Psychedelic toad venom has been life altering, he said. “It’s a journey you don’t even remember,” he said of the hallucinogenic. “The best way to describe it is it’s just like a opening of a whole different portal, without you seeing it open.” (Combs urged safety and caution for anyone interested in seeking out that same portal. “I’m a top level hippie,” he said. “The testing, the ambulance in front of the house — I don’t play around, baby.”)

Diddy performs onstage at the 2023 MTV Video Music Awards

Diddy performs onstage at the 2023 MTV Video Music Awards

But perhaps most pointedly, there’s music. The choice to return so prominently, after a long stretch away, indicates a return to the core of what motivated Combs decades ago. “Music had always fuelled all of my dreams. So when I stopped music, I kind of stopped dreaming,” he said.

“I don’t know if this world we living in is real,” he continued, “but I know that feeling that I get when I make music, I know that’s what brings me joy. And the thing I’ve done to bring the most people joy, you know?”

The Love Album feels modern and engaged, a blend of sensuality and slick talk. To make it, Combs collaborated widely — the Weeknd, Summer Walker, Mary J. Blige, Justin Bieber, Burna Boy. “I called everyone and said ‘I need your help telling my love story,’” Combs said. He brought in Babyface, the maestro of delicate R&B, to work on Kim Porter, a tender seven-minute meditation inspired by Combs’ ex.

The choice to make R&B music is also pointed. “You have people in control that really think that R&B and hip-hop are the same thing,” Combs said. “R&B is really, really being erased. But I’m gonna be making R&B records. You’re gonna be seeing unforgivable Blackness. Unapologetic Blackness.”

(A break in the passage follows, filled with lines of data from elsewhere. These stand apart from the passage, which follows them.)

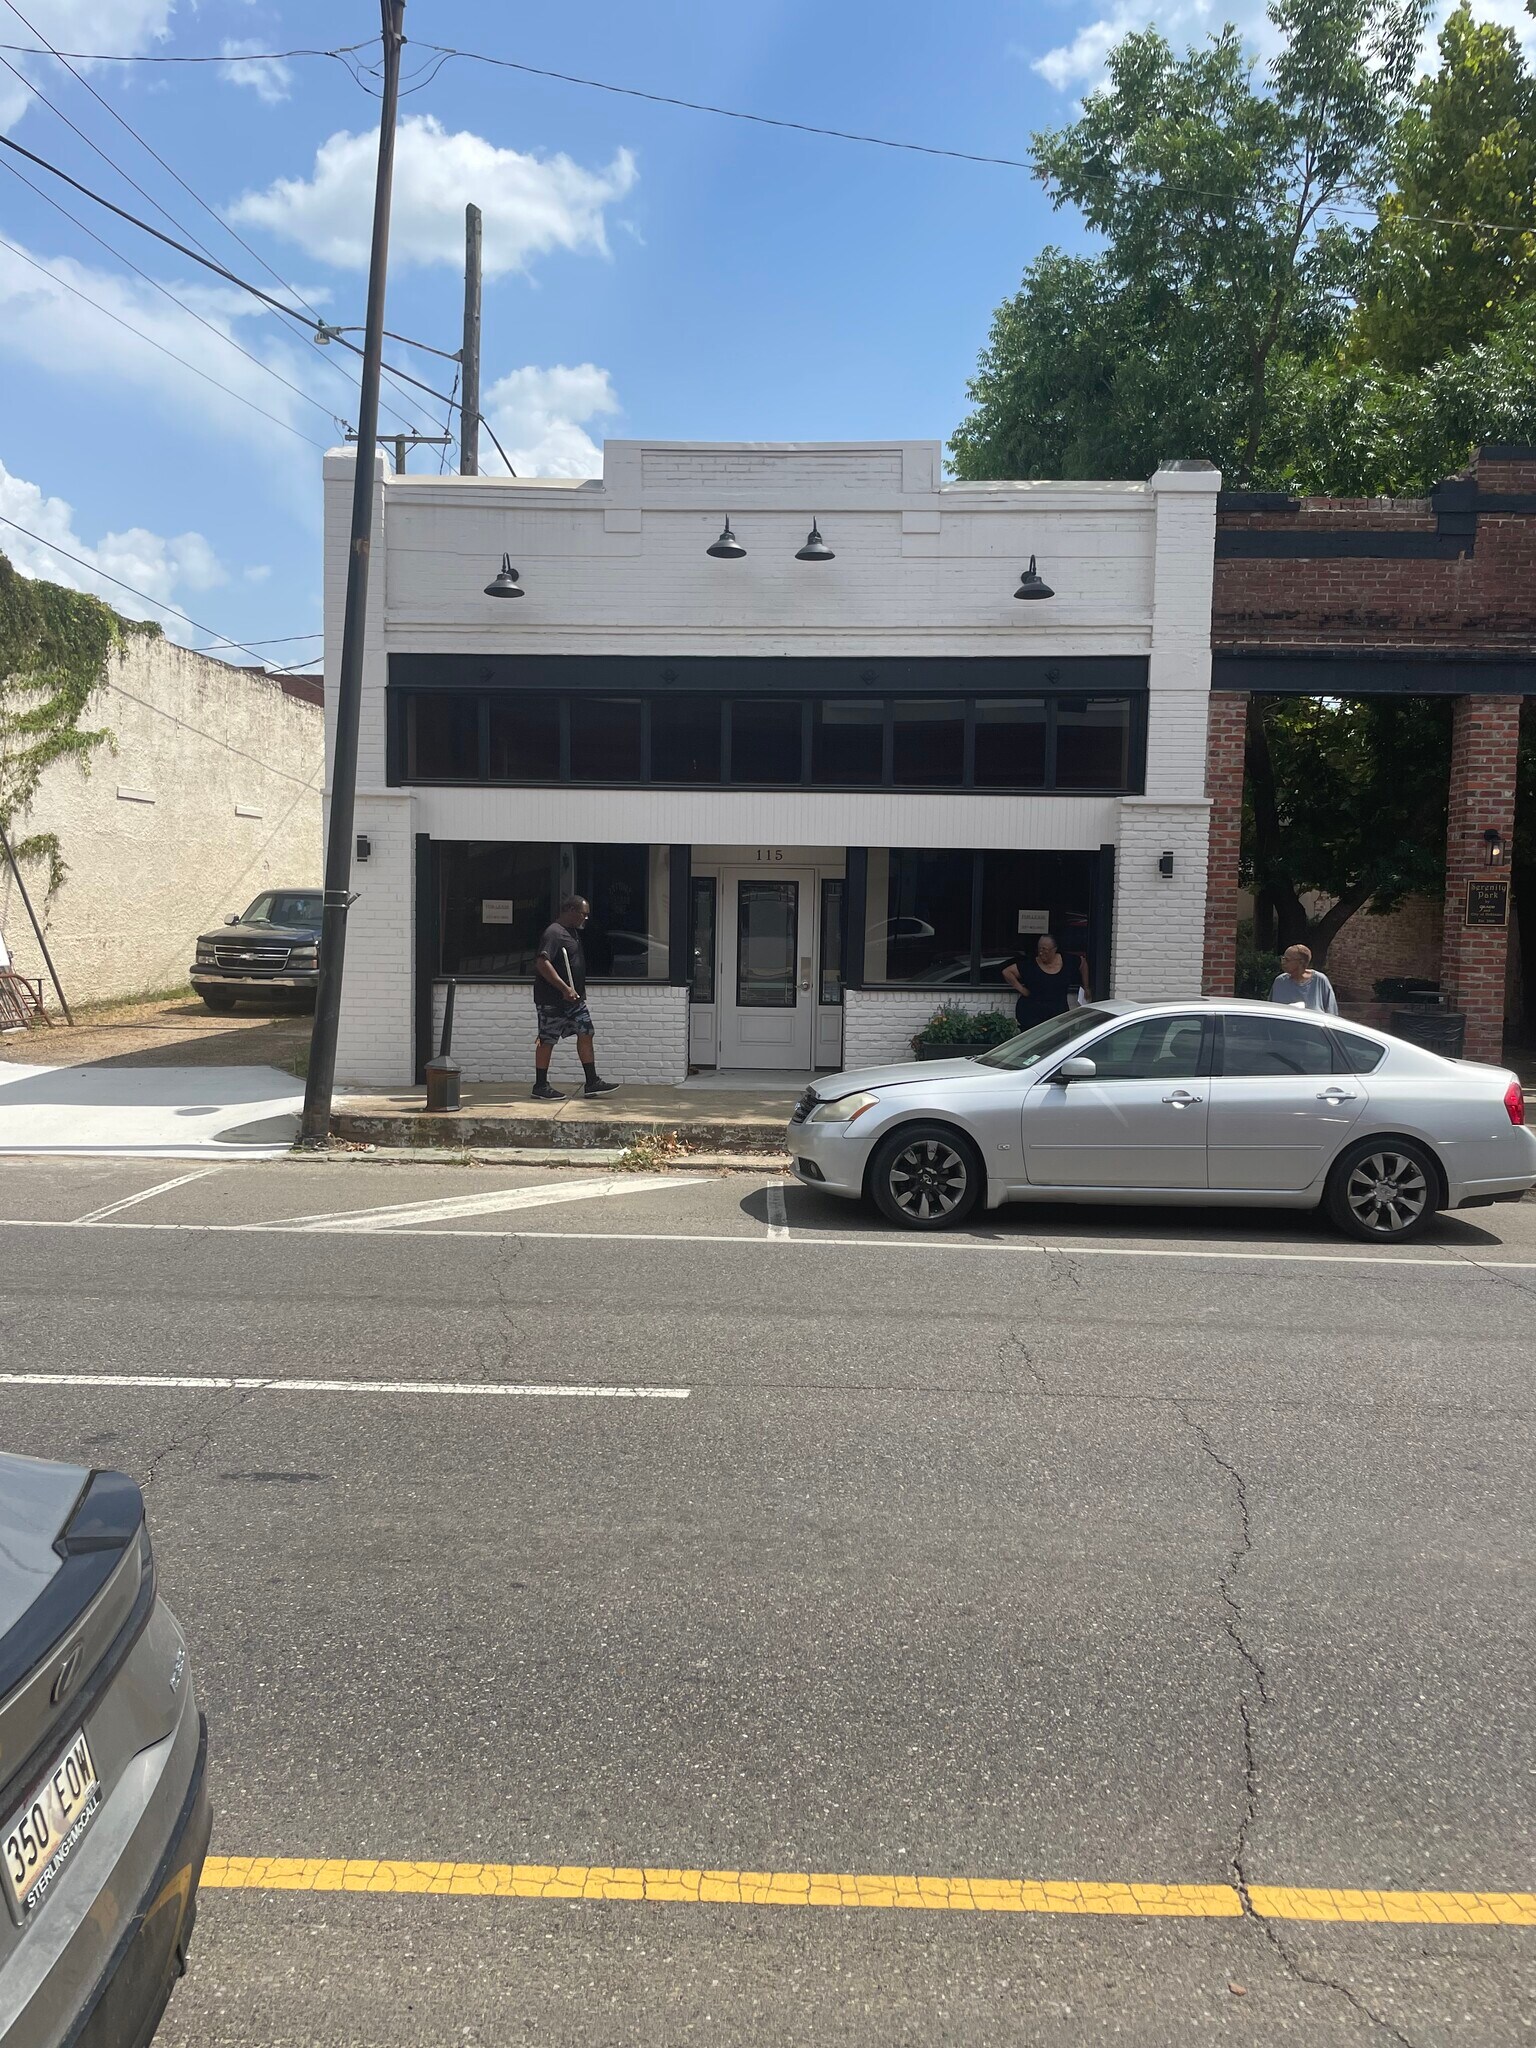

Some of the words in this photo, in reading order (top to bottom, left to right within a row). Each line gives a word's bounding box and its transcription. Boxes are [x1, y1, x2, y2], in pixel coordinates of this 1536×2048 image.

[756, 849, 783, 861] 115
[1471, 883, 1507, 892] Serenity
[1478, 891, 1498, 899] Park
[7, 1802, 50, 1884] 350
[53, 1738, 91, 1819] EOW
[27, 1841, 70, 1908] STERLING
[70, 1796, 100, 1843] McCALL

At the same time, Combs’ musical catalogue is helping form the foundation for a new generation of hip-hop. Much like he sampled ’70s and ’80s classics to make his hits of the ’90s, younger artists are mining the Bad Boy catalogue for inspiration.

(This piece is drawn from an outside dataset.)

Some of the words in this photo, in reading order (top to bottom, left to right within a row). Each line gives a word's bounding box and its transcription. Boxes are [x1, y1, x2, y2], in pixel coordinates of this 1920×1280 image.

And more broadly, the current pop moment — in which established stars and would-bes alike are excavating recent pop history for five-alarm samples that will translate across generations — feels not unlike the peak Bad Boy era, which took the funk, soul and disco of the 1970s and built a whole new world atop it. Combs was often maligned in the ’90s for his literalist sampling, but it has become something of a standard now.

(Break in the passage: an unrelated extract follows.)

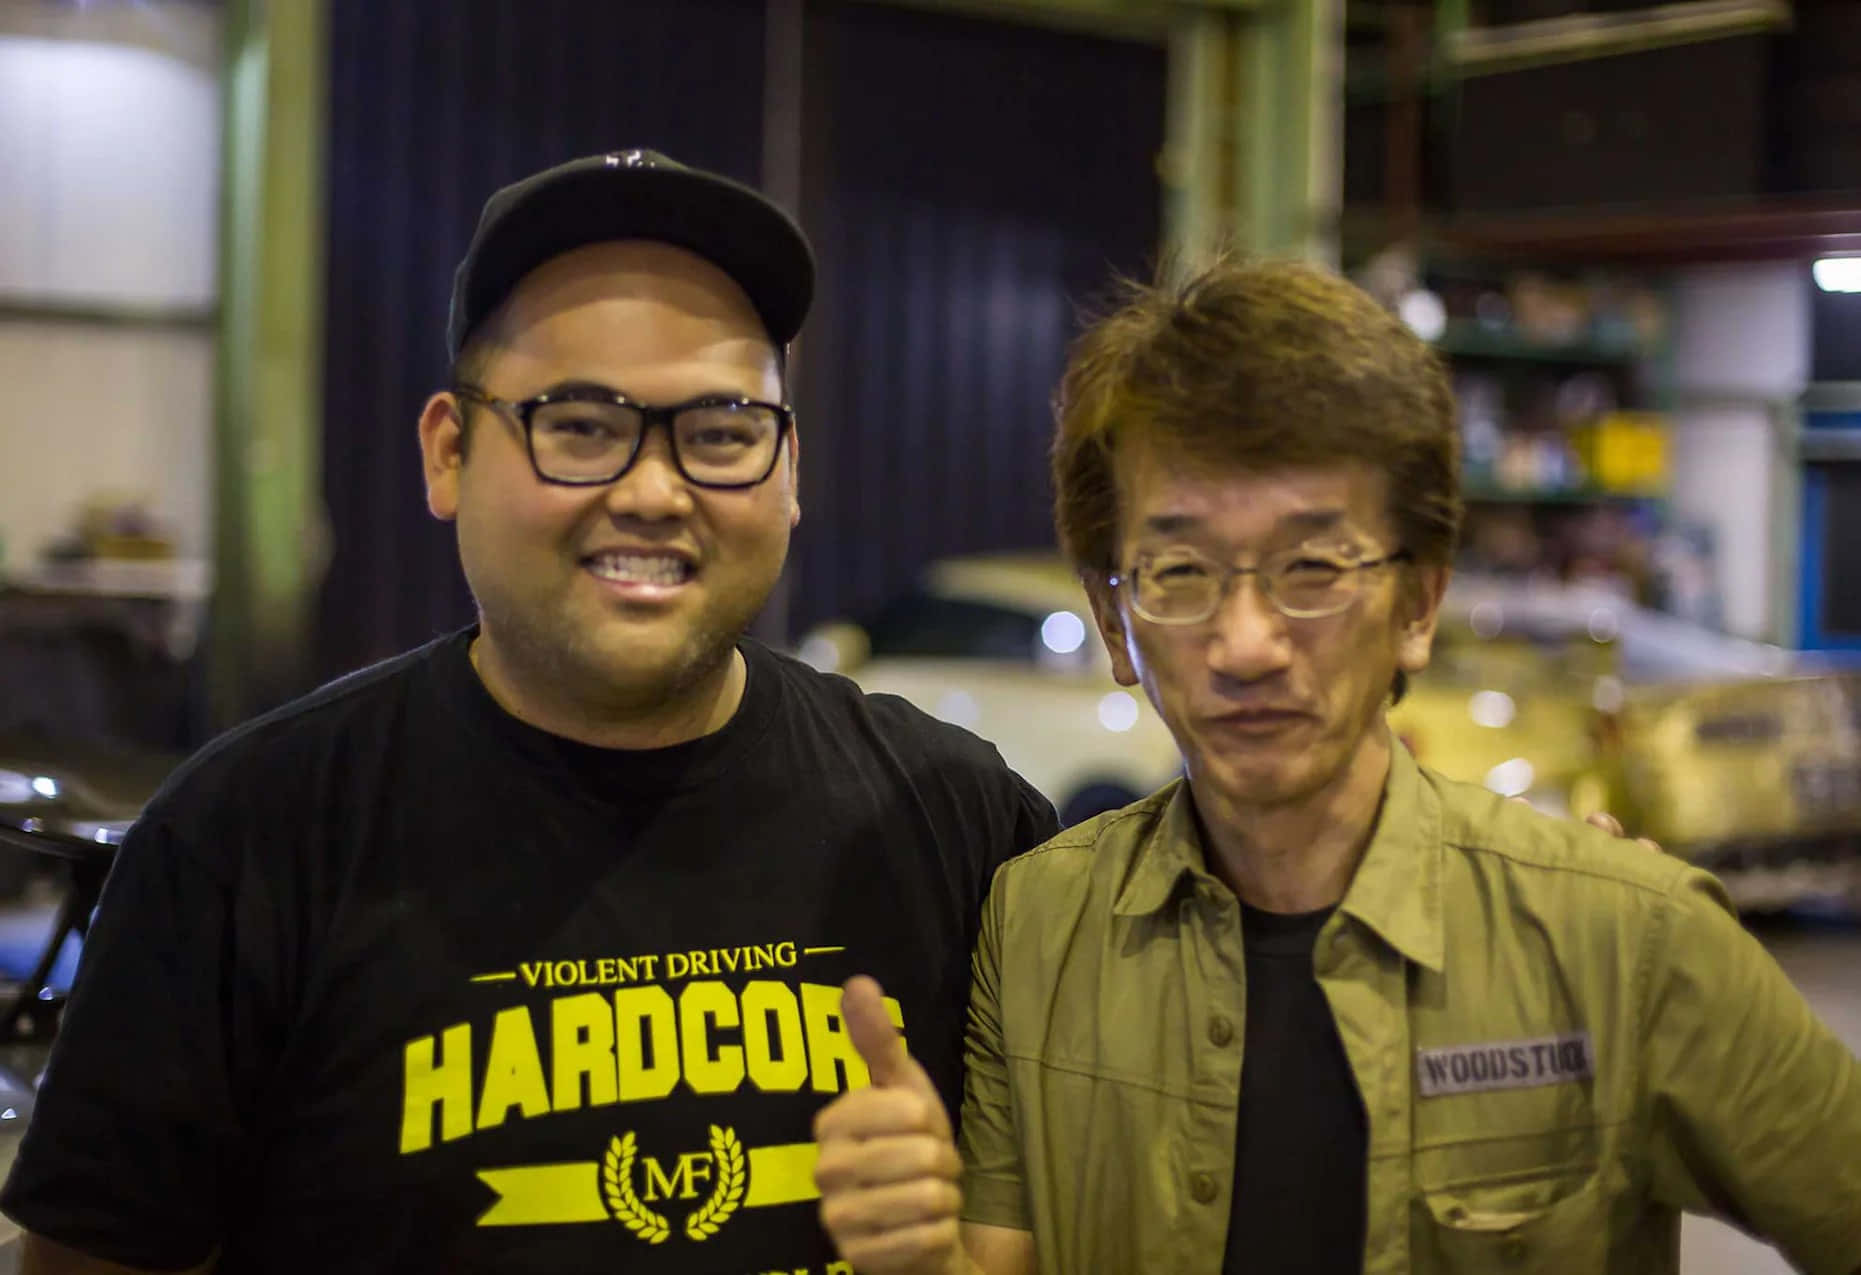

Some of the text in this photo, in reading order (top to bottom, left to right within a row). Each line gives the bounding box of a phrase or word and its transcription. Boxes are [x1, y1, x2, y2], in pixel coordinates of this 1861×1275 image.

[519, 941, 798, 987] VIOLENT DRIVING
[400, 980, 908, 1154] HARDCOR
[641, 1152, 714, 1201] MF

Regardless, those are yesterday’s battles. Lately, Combs has been embracing the concept of “the second mountain,” loosely derived from the book of that title by New York Times Opinion columnist David Brooks, in which the challenges taken on during life’s back nine trade self-involved ambition for goals that are more moral and benevolent.

“As a Black man, I’m not gonna allow myself to be programmed to not love myself, and not go after what I deserve as a human being for me and my people,” he said.

“There’s so much that should have killed me, so many tragedies,” Combs continued. “It would’ve just been all right to be like, yo, that was legendary. Just go live on the yacht, live next door to David Geffen.”

But the second mountain, the scale and uncertainty of it, has him energized. “This mountain is three times bigger,” he said. “It got volcano coming down, rocks, avalanches. And you’re like, yo, do you want to climb this mountain? Or do you want to just go for shelter and ride this thing of life out, and just die?”